Hello mtrh22, I am thankful you did post this question because I believe it is a question that many have, you are not alone. The struggle with advicing someone against making the same choice you made (no matter how many times this choice was made) is understandable and the line of reasoning that it is hyprocritcal is a belief that many have. This belief doesn't only apply to our abortion choices but to all choices we have made in our past, especially those choices that are morally wrong. For example, I have heard parents state they will not tell their teenagers not to drink alcohol or have sex because they made these same decisions when they were teenagers and that it is hyprocritcal to not allow them the same choice.
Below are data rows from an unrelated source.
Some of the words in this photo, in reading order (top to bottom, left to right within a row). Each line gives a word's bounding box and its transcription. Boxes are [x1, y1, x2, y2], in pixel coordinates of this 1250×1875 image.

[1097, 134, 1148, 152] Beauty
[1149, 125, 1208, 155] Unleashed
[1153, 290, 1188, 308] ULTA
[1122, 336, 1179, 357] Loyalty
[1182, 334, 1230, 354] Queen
This same argument is used when a teenager/woman is facing an unplanned pregnancy. How can someone who made the choice of an abortion(s) advice another woman facing the same decision to make a different choice?
I am going to attempt to share my own heart, belief and personal journey concerning this very important question.
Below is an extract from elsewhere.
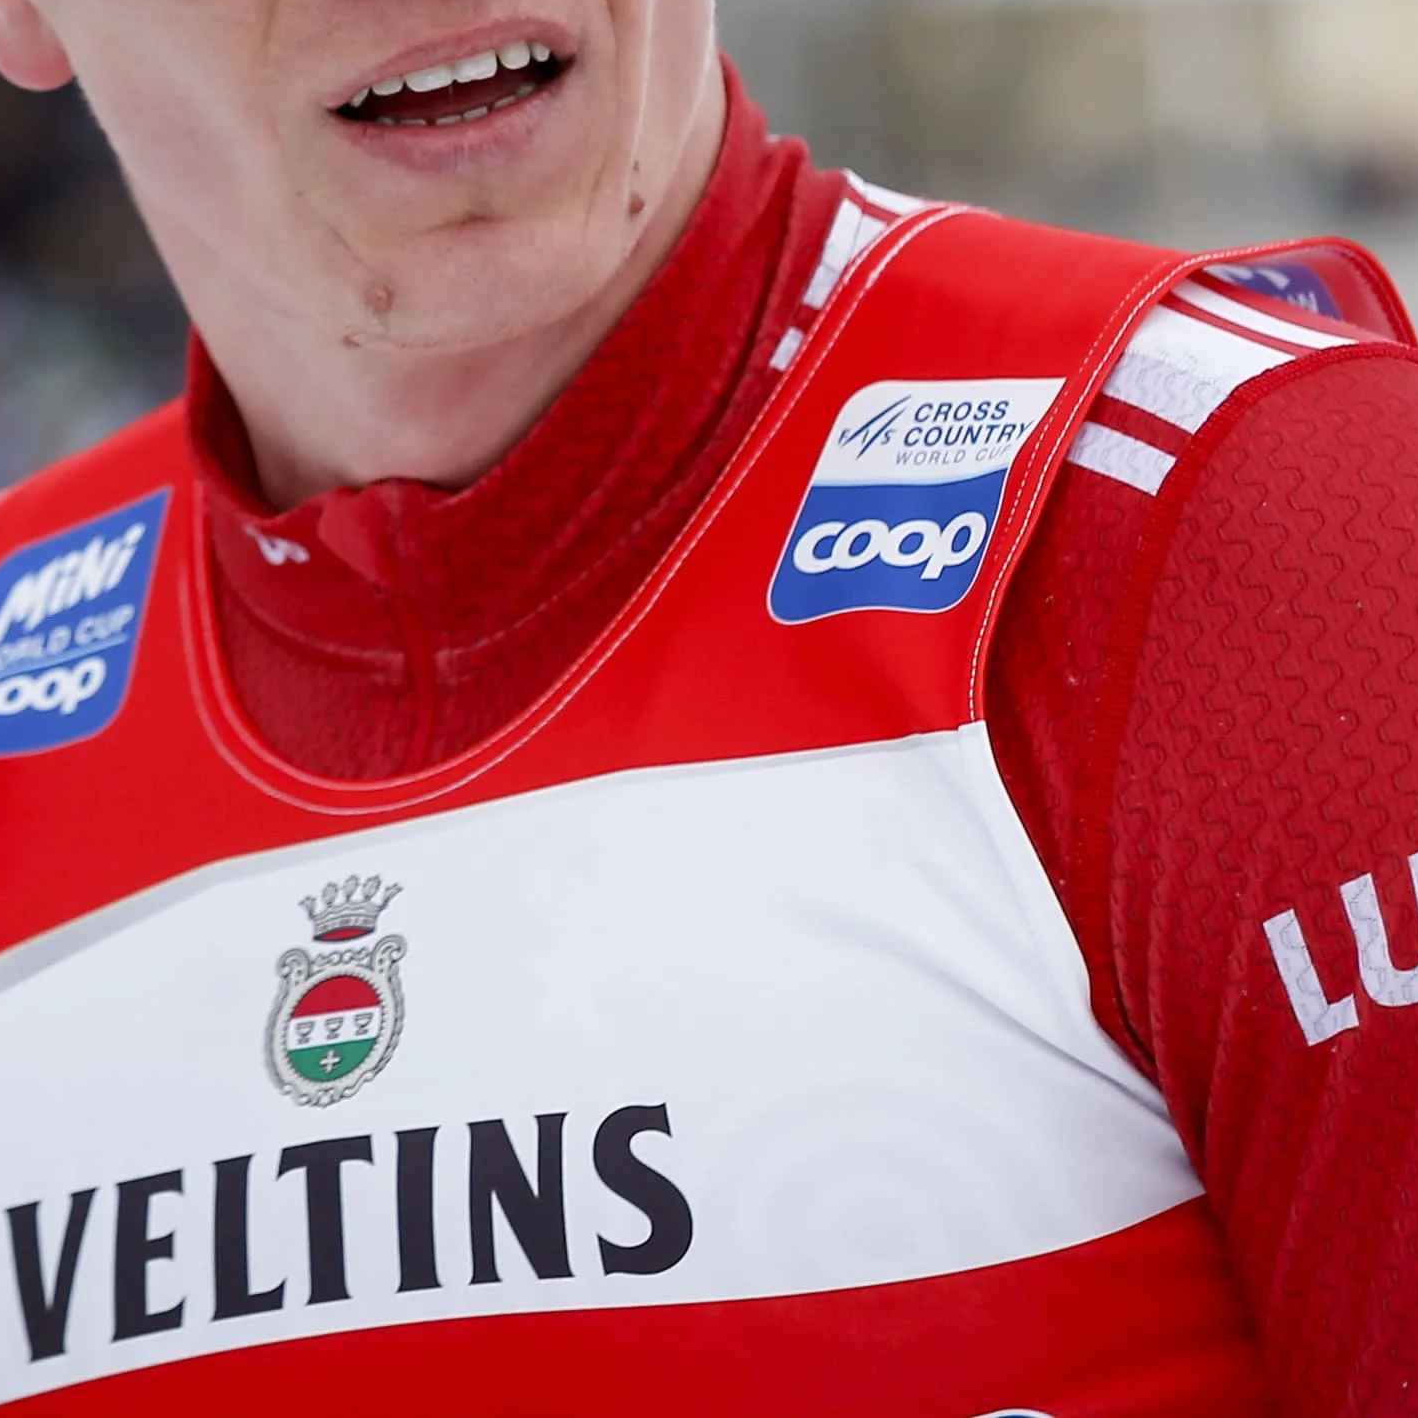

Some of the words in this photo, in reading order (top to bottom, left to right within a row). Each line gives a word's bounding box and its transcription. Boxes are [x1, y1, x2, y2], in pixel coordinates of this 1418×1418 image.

I believe it is best to start with an understanding in the meaning of the term hyprocrite. According to the Merriam-Webster dictionary, a hyprocrite is someone who acts in contradiction to his or her stated beliefs or feelings. It is also describes a person who puts on a false appearance of virtue or religion. Based on this meaning, I don't believe by advicing someone to choose a different path is hyprocritical. The advice giving is based on personal experience and a true knowledge of the emotional, spiritual and physical aftermath. It is out of this journey that our beliefs and feelings have changed from our original understanding or conviction. Wouldn't it be more accurate to say a person who encouraged or supported an individual's choice of abortion, when this action contradicted his/her belief or principle, in being hyprocritcal? It is sometimes our silence of the truth that allows evil to continue, not the other way around. I know the word evil may seem to be harsh, however, I can't seem to think of another word that can accurately describe actions that are morally wrong based on God's Word.
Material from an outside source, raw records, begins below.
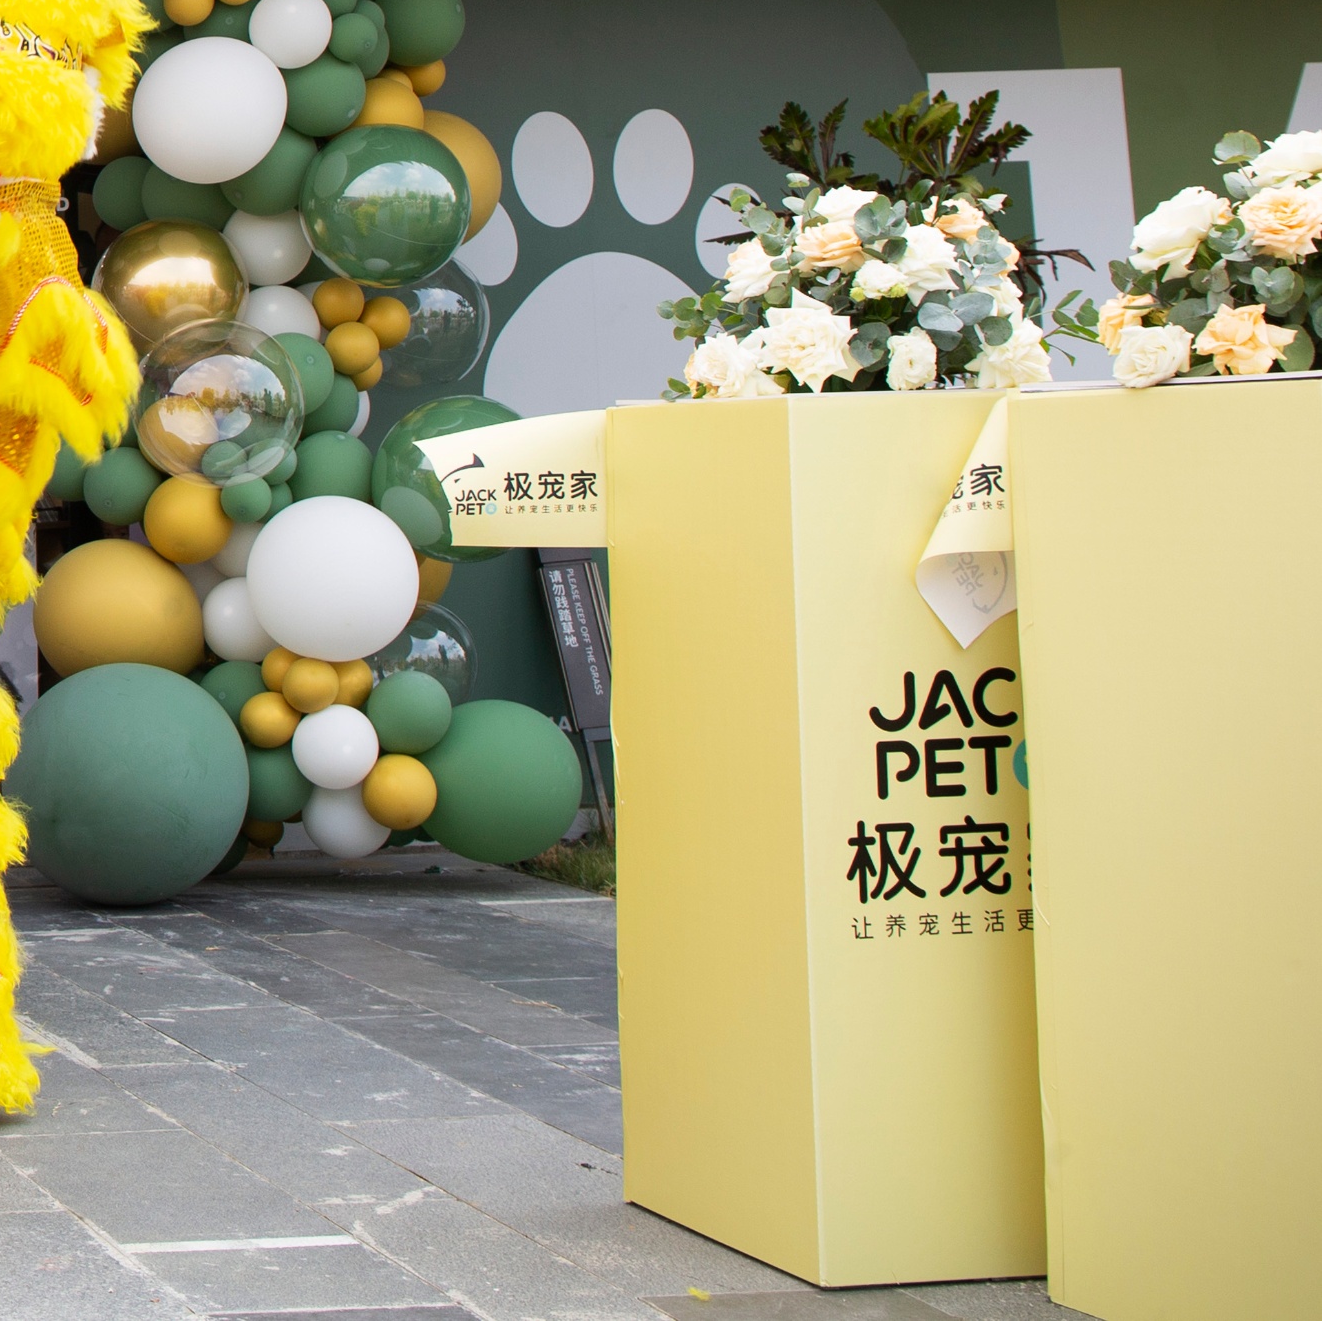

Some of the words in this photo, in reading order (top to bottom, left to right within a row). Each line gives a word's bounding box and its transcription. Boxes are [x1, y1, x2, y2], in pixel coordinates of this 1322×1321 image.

[454, 489, 497, 502] JACK
[503, 469, 599, 502] 极宠家
[504, 503, 598, 515] 让养宠生活更快乐
[566, 568, 581, 600] PLEASE
[548, 569, 579, 648] 请勿践踏草地
[574, 601, 586, 625] KEEP
[580, 625, 592, 644] OFF
[585, 645, 597, 664] THE
[589, 664, 604, 696] GRASS
[868, 666, 1018, 731] JAC
[875, 735, 1013, 800] PET
[846, 815, 1033, 904] 极宠
With that said, I also want to caution us to ever "tell someone" what to do, unless of course it is our own children. Side note, I am sure my three teenagers would love to have the freedom to make their own choices regardless of the rules at home and receive no consequences. But this is a different topic I may discuss in a different forum

. When we are talking to someone who is facing a choice we should give advice based on our own beliefs, convictions and personal experiences. We should never manipulate the truth or facts to pursade or "tell someone" what their choice should be, just as we shouldn't use fear as a tool. Jesus said, "the truth shall set you free" and I believe when given the truth and factual experiences, then an individual can make an informed decision.
I understand your question is more of should you join the fight against abortion. I personally believe the Lord will place on your heart His purpose for your life. This could be sharing the Truth of abortion in a matter that is honoring and Glorifying our Lord. For me, it is serving here at SafeHaven and helping individuals find the healing, grace and mercy that He poured into my life (2 Corinthians 1:3-4). In addition, when the Lord brings individuals into my life that is facing an unplanned pregnancy and is seeking answers to some very difficult questions, I share the truth with them. This truth is based on God's Word, my own personal journey and experiences and the facts of the three options they have before them (abortion, adoption and parenting). I will remain prolife for the remainders of my days here on earth and eternity. I will never encourage, support or go with anyone who makes the choice of abortion. However, I will always love, encourage and share truth with anyone who is hurting from this choice, no matter what reason they had in making this decision.
I am not sure if this answers your question(s), but it is my prayer that it will stir within your heart and encourage you to seek God's will and purpose in your life. Please feel free to continue this discussion here or email me at carla@postabortionpain.com
Again, welcome to SafeHaven and I enjoyed talking with you last night in our chat!